In fact, we've already killed it, we really just need to stop beating its dessicated corpse.

It can mean anything from Final Fantasy to Diablo to Baldur's Gate to Mass Effect to Oblivion to Fable to Tactics Ogre. You know what all of those games have in common? None of them particularly belong in the same genre as any of the others.

People really, really need to shut up about what is and isn't an RPG. It's gone beyond stupid and clear on through hilariously fun and is now into painfully embarrassing. Just knock it off already.
You've been ninja'd a multiple times in this thread already you know.
No need to further elaborate.
Oh heck. Welcome aboard!
Well, several people have pointed out that there are conflicting definitions or whatnot, but I didn't see anybody flat out say we should stop using the term because it's so badly broken that it's actually become anti-useful.

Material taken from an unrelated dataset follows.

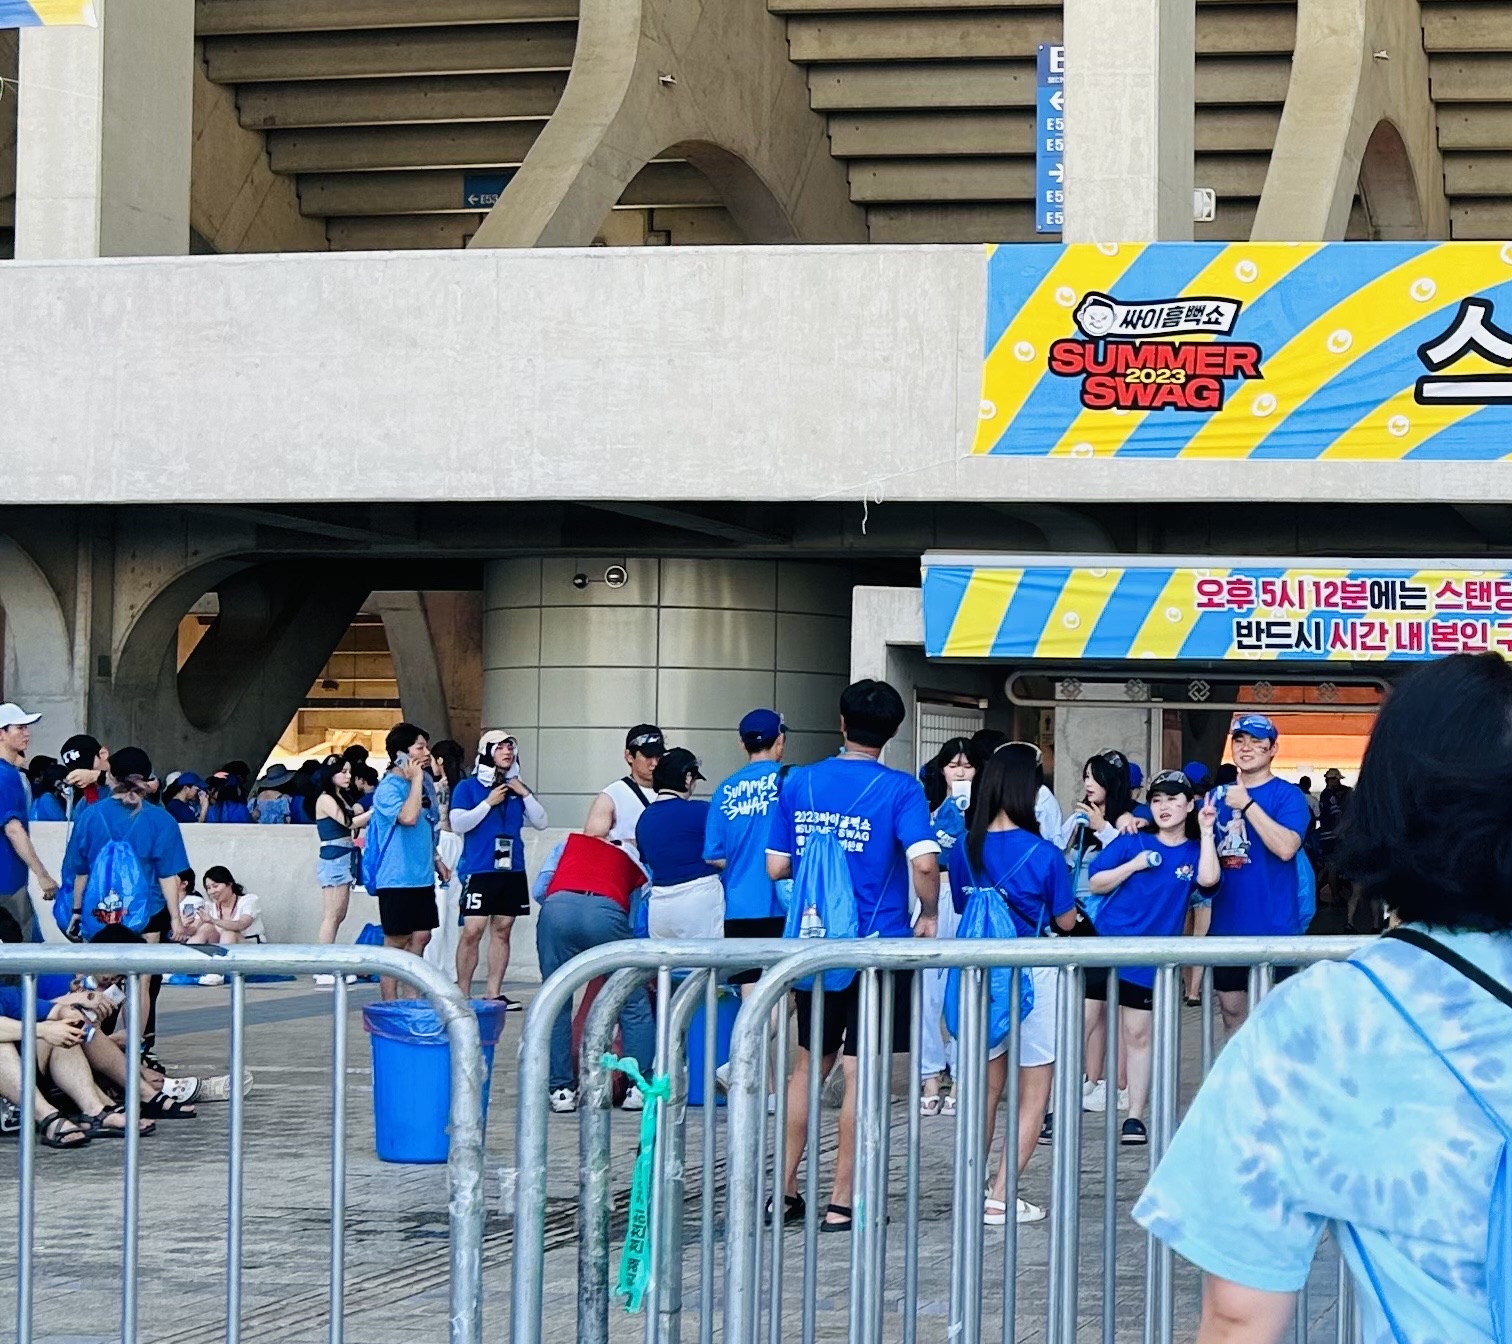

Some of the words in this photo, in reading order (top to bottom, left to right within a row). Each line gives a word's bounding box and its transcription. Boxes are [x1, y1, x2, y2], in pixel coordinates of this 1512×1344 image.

Because that's what I'm trying to say. I'm just going to completely stop using the term RPG to describe any game ever, and I strongly encourage everyone else to do the same.
Gamers will naturally stop talking about it, after we take it a bit further first and call *everything* "RPG". Then just saying "game" will be shorter.
Well yes, but we're going to start doing that by having discussions on the matter, aren't we? I mean, I know I can't magically make everyone agree with me overnight, and really if I'm the only one that feels this way there's not a damn thing I can do at all, but is it really so wrong to say it?

Maybe I need to do more? Perhaps we should start coming up with better names for the various things that will need new genres? Names that don't confine a type of game to a specific region, which is essentially nonsensical?

Heck, maybe even just figuring out what lumps together well with what is a good place to start.